Your Creepy Co-Worker Needs to Work on His Self-Worth

It's hard to believe the #MeToo movement (in its current incarnation) is less than a year old. Some changes from the movement against sexual and gender-based harassment have been monumental; others seem to have hardly made a dent. We're talking about the issue now, though — and researchers have all the more reason to study it.

Pundits often debate what drives people in power to exploit it. Two psychologists from Ohio University have just released a study suggesting that men who harass women at work do so because... they're scared of looking incompetent. "The findings … suggest that men do not necessarily sexually harass women because they seek sexual gratification, but rather because their insecurity about being perceived as incompetent prompts them to want to undermine a woman's position in the social hierarchy," says co-author Kimberly Rios in a press release.

Or, as co-author Leah Halper sums it up: "Fearing that others will perceive you as incompetent is a better predictor of sexual harassment than your self-perceived incompetence."

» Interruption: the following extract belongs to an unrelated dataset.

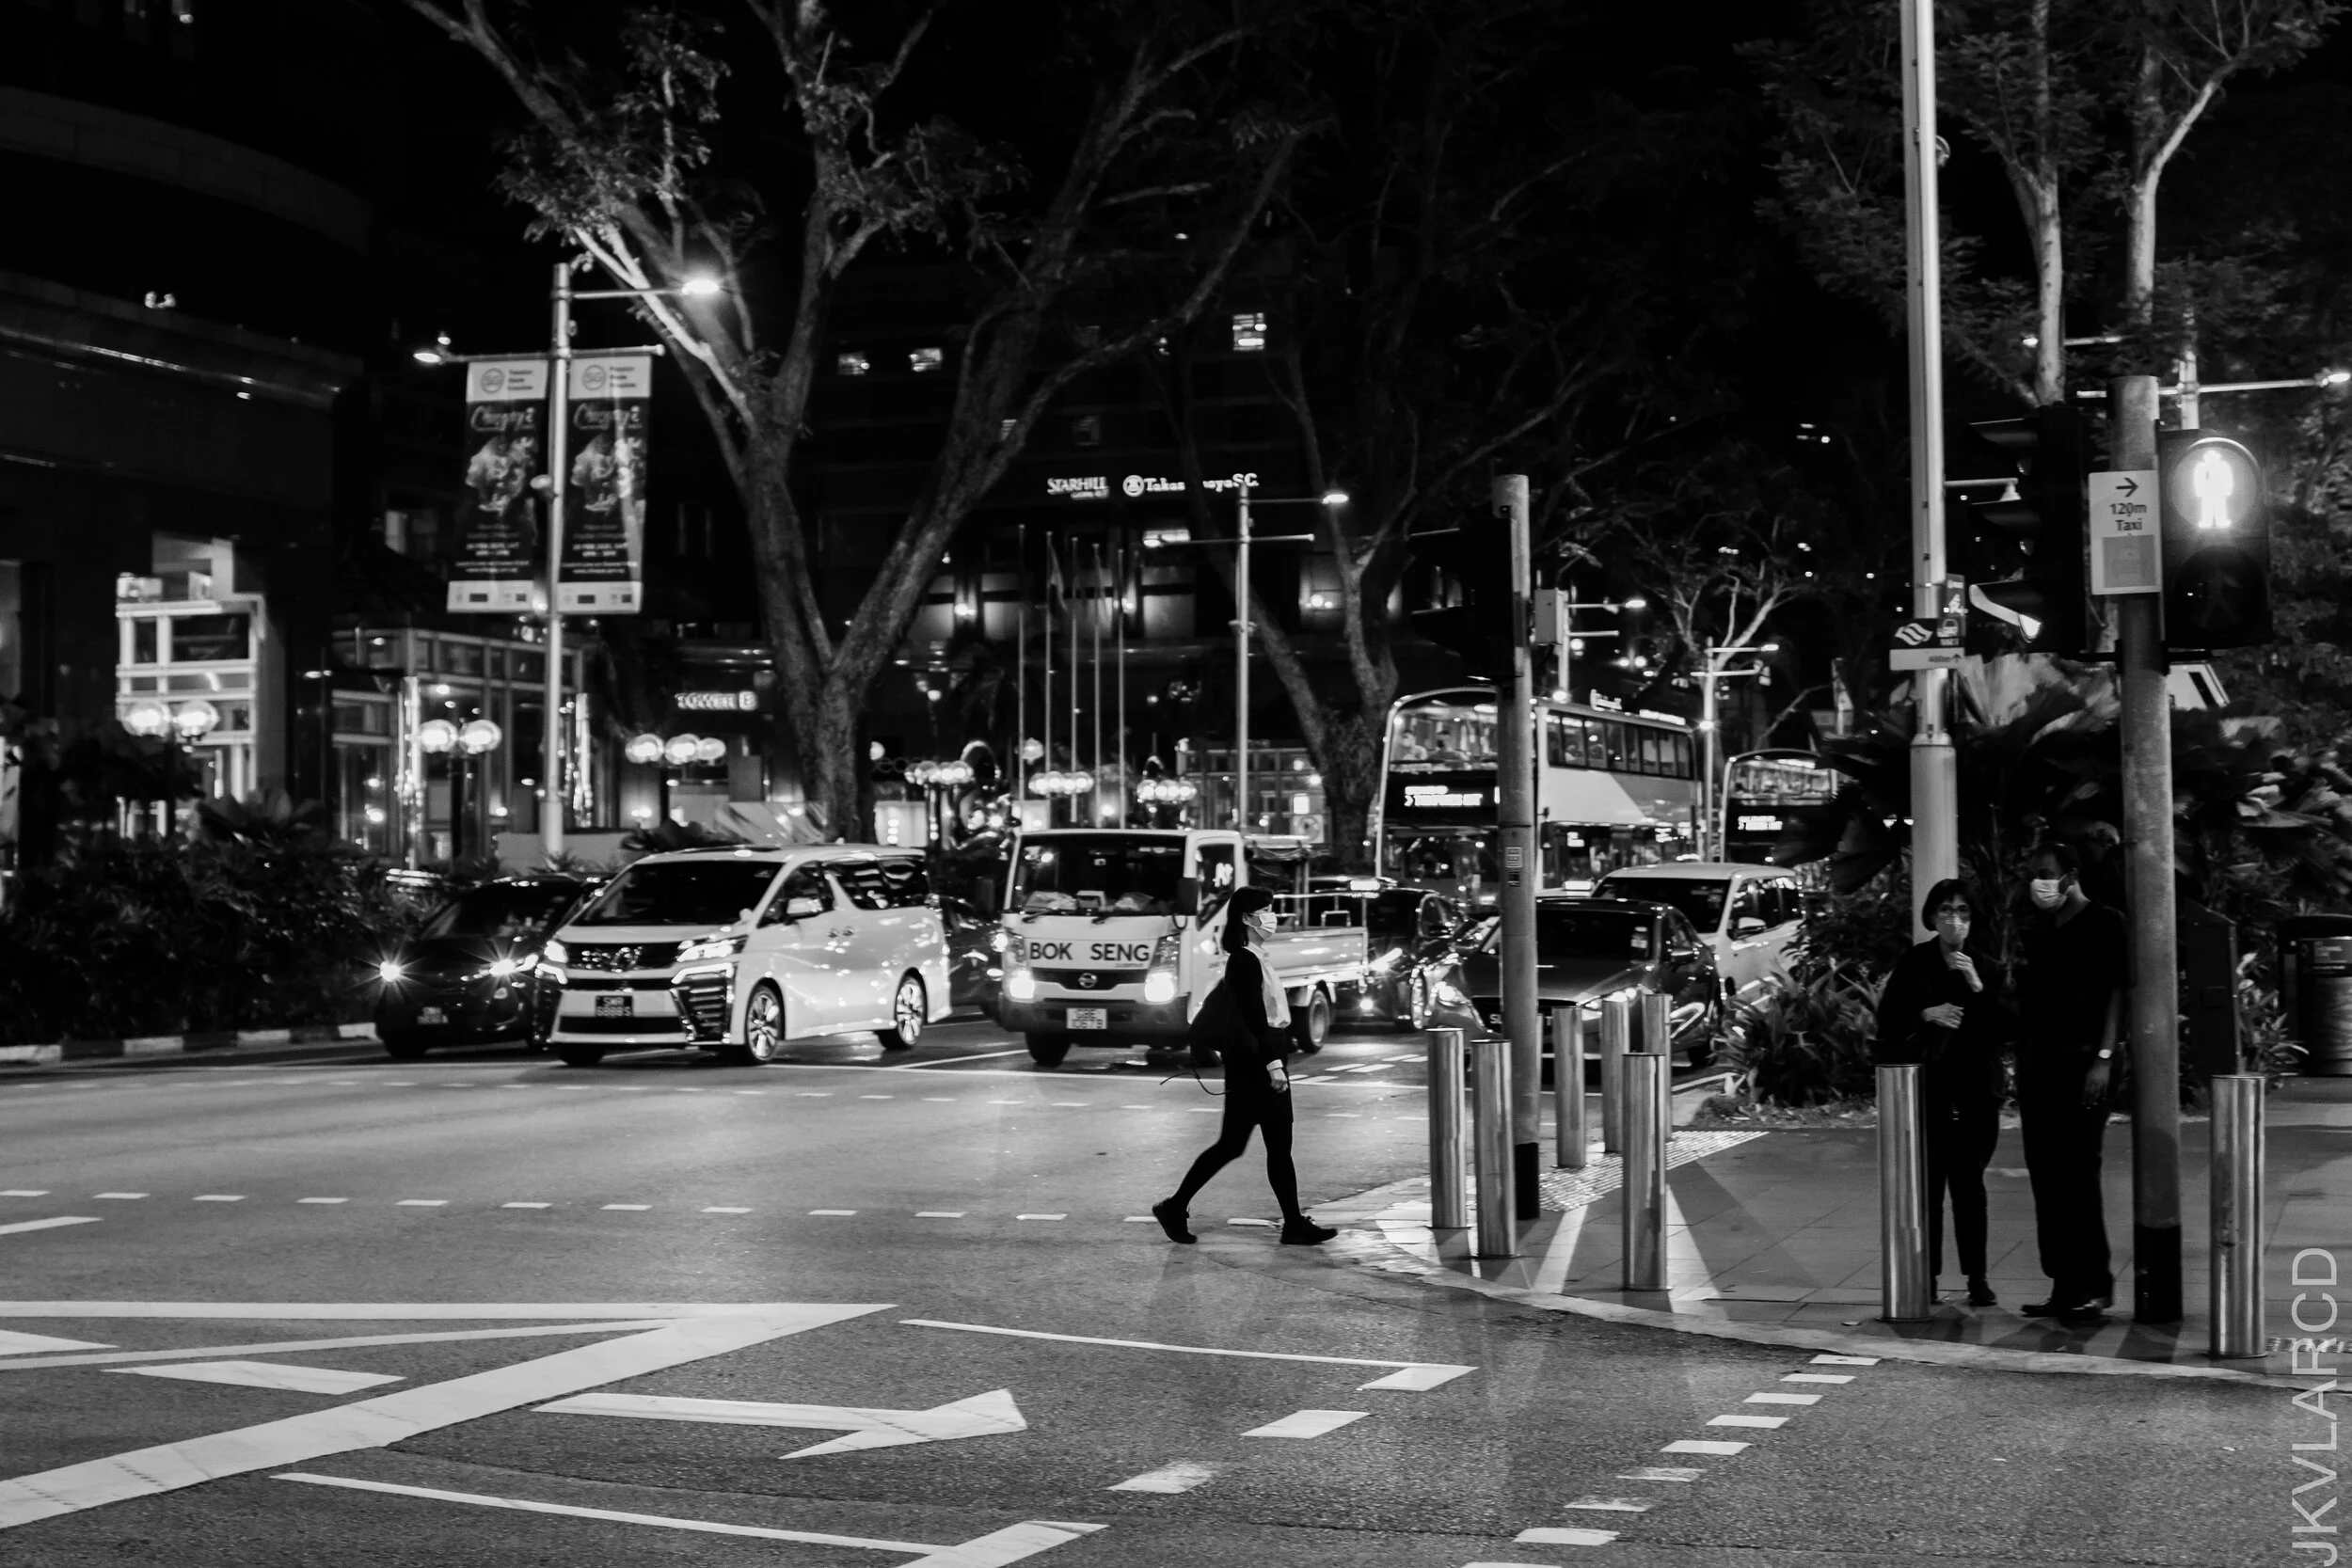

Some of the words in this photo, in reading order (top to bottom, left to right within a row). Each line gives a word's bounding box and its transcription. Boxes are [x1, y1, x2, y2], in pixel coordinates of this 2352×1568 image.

Even our growing understanding of the scope of workplace sexual harassment is by definition underreported. Employers aren't exactly supporting women to the fullest extent either. In fact, if emotional damage caused at work also results in financial injury, you're likely to be compensated less for it than if you only experience emotional distress. But if you personally are constantly looking over your shoulder trying to prove you're top dog, consider working on that. Even if you'd never imagine yourself perpetrating harm, there are lots of ways to make people uncomfortable. Check yourself before you wreck yourself — and your colleagues.